Work request> Without the images, write out all of the following entries exactly.

Material for the task>
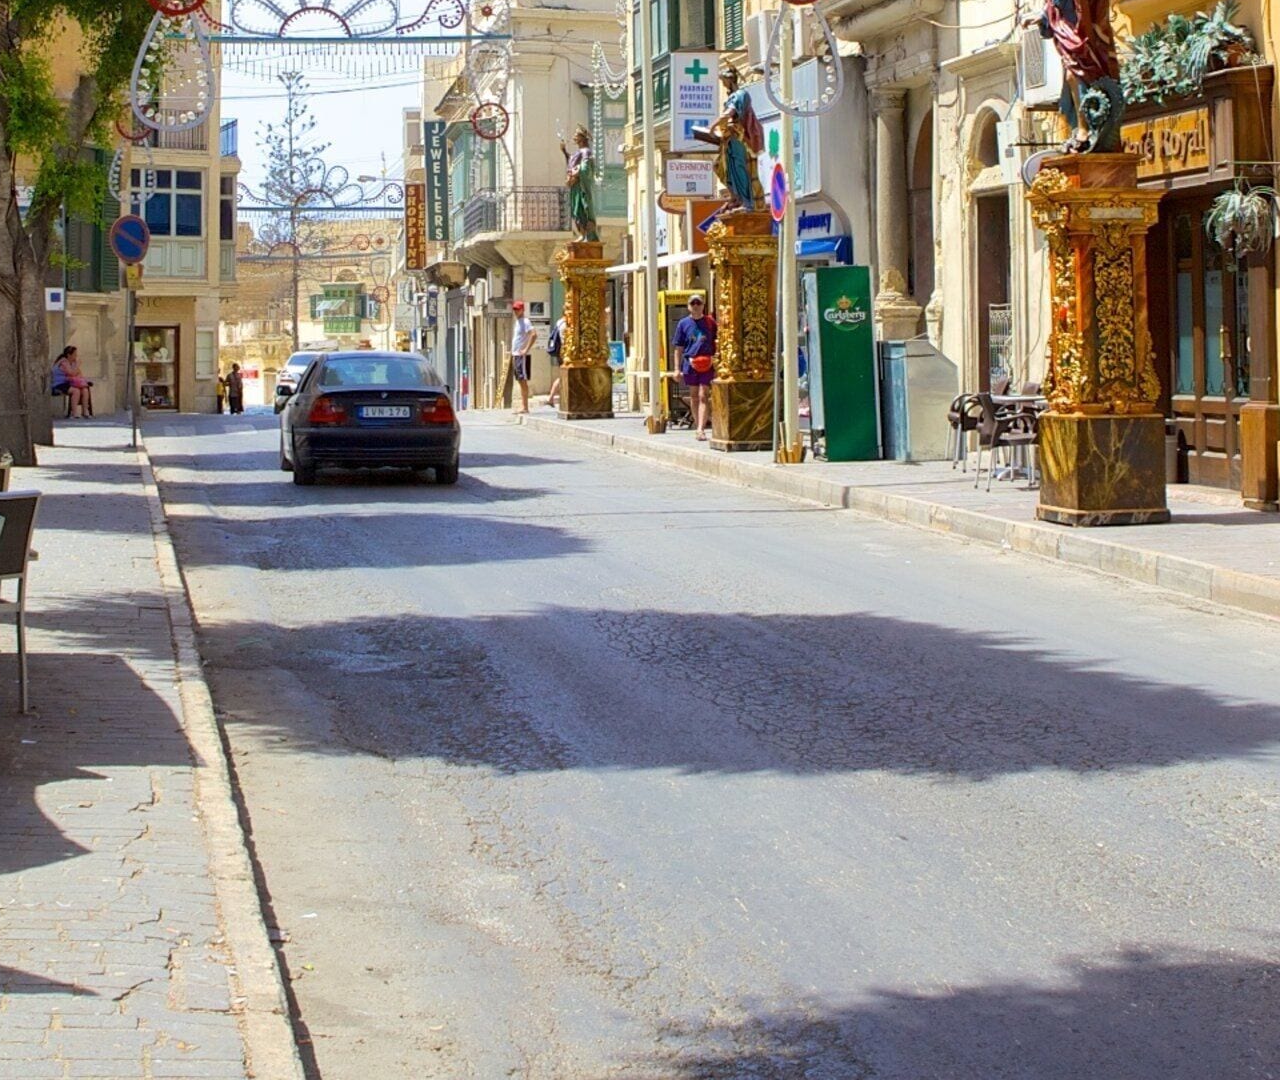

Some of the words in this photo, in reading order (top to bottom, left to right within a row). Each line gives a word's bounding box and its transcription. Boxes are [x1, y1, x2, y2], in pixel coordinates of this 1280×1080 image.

[1160, 119, 1207, 167] Royal
[430, 122, 444, 240] JEWELLERS
[407, 185, 418, 268] SHOPPING
[824, 307, 865, 324] Carlsberg

Output of the task>
Some of the words in this photo, in reading order (top to bottom, left to right within a row). Each line gives a word's bounding box and its transcription. Boxes are [x1, y1, x2, y2], in pixel coordinates of this 1280×1080 image.

[1160, 119, 1207, 167] Royal
[430, 122, 444, 240] JEWELLERS
[407, 185, 418, 268] SHOPPING
[824, 307, 865, 324] Carlsberg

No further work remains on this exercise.